• YOUR TASK: Without the images, output every record exactly as it appears.

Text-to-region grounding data
————————
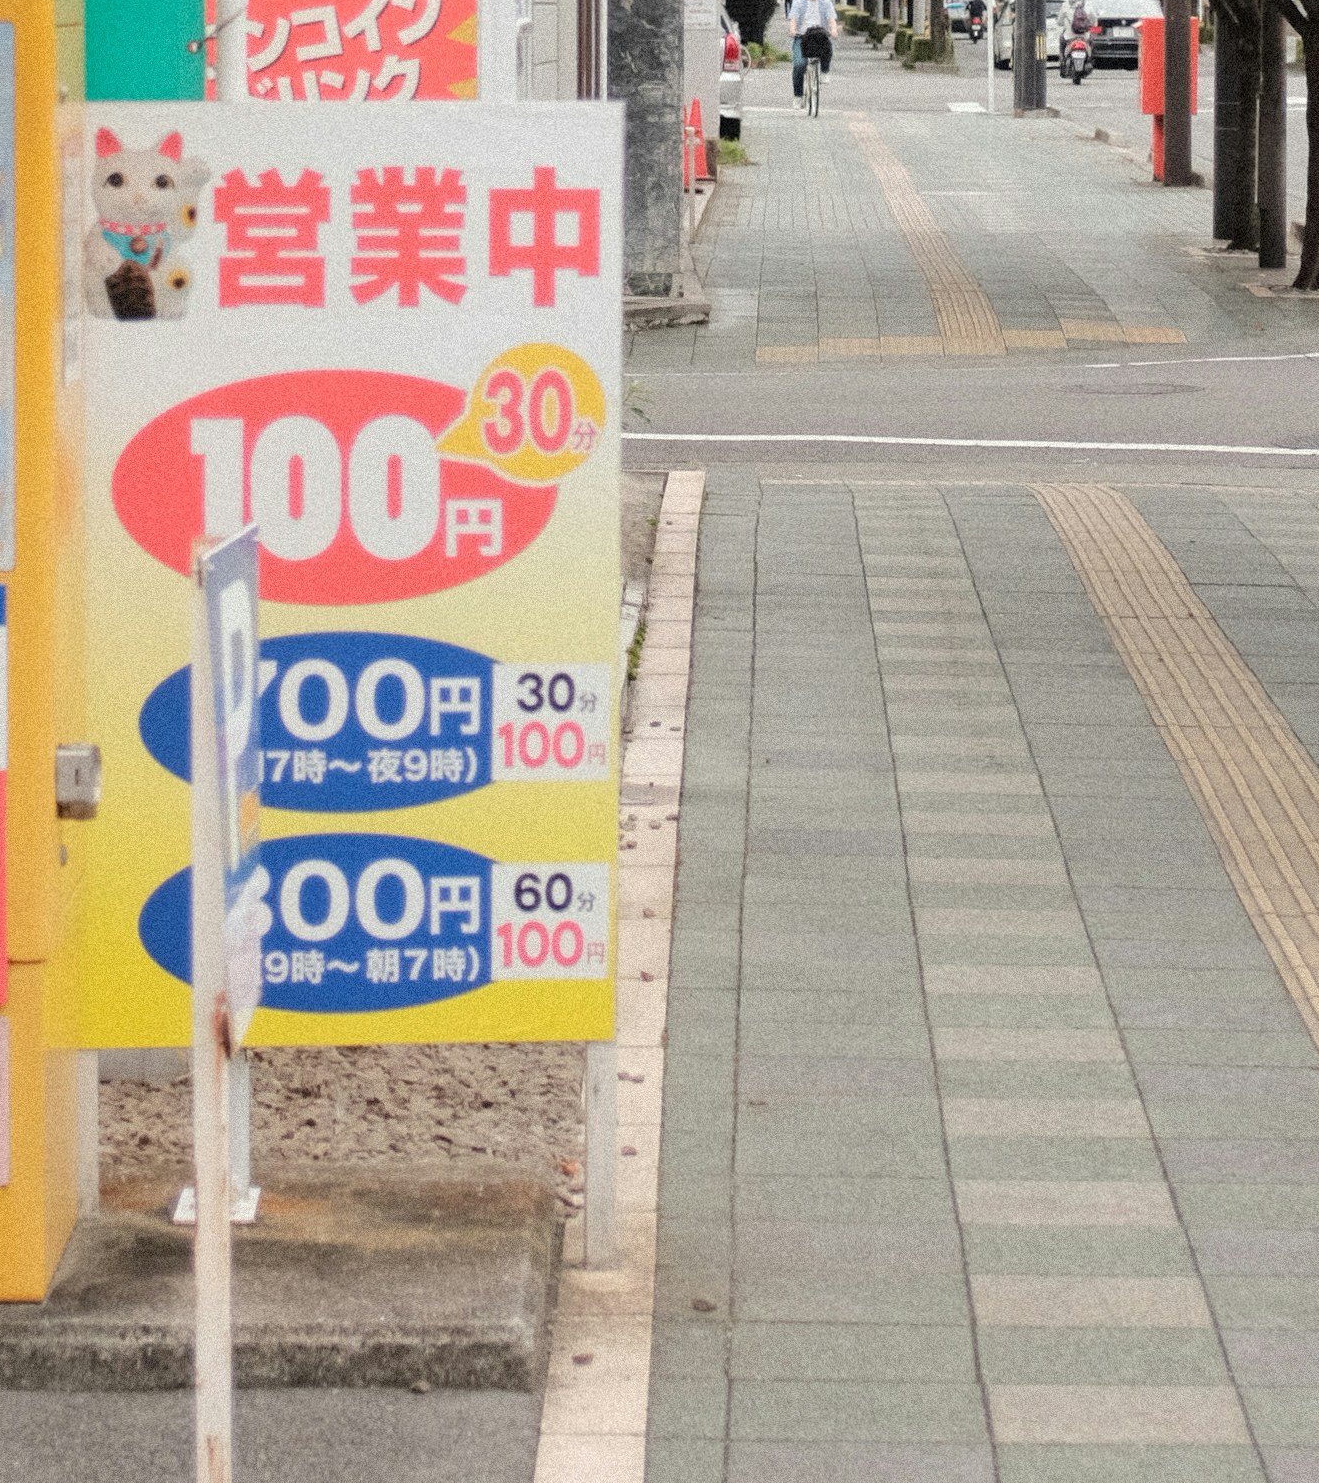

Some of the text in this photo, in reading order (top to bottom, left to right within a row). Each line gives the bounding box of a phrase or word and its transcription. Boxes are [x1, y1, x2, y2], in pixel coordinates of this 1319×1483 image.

[213, 166, 600, 309] 営業中
[484, 369, 597, 454] 30分
[190, 414, 503, 561] 100円
[516, 672, 597, 714] 30分
[259, 748, 478, 784] 7時〜夜9時)
[498, 721, 607, 769] 100円
[259, 857, 597, 941] 00円 60分
[259, 948, 479, 983] 9時〜朝7時)
[497, 920, 606, 968] 100円
————————
• SOLUTION TO THE EXERCISE:
Some of the text in this photo, in reading order (top to bottom, left to right within a row). Each line gives the bounding box of a phrase or word and its transcription. Boxes are [x1, y1, x2, y2], in pixel coordinates of this 1319×1483 image.

[213, 166, 600, 309] 営業中
[484, 369, 597, 454] 30分
[190, 414, 503, 561] 100円
[516, 672, 597, 714] 30分
[259, 748, 478, 784] 7時〜夜9時)
[498, 721, 607, 769] 100円
[259, 857, 597, 941] 00円 60分
[259, 948, 479, 983] 9時〜朝7時)
[497, 920, 606, 968] 100円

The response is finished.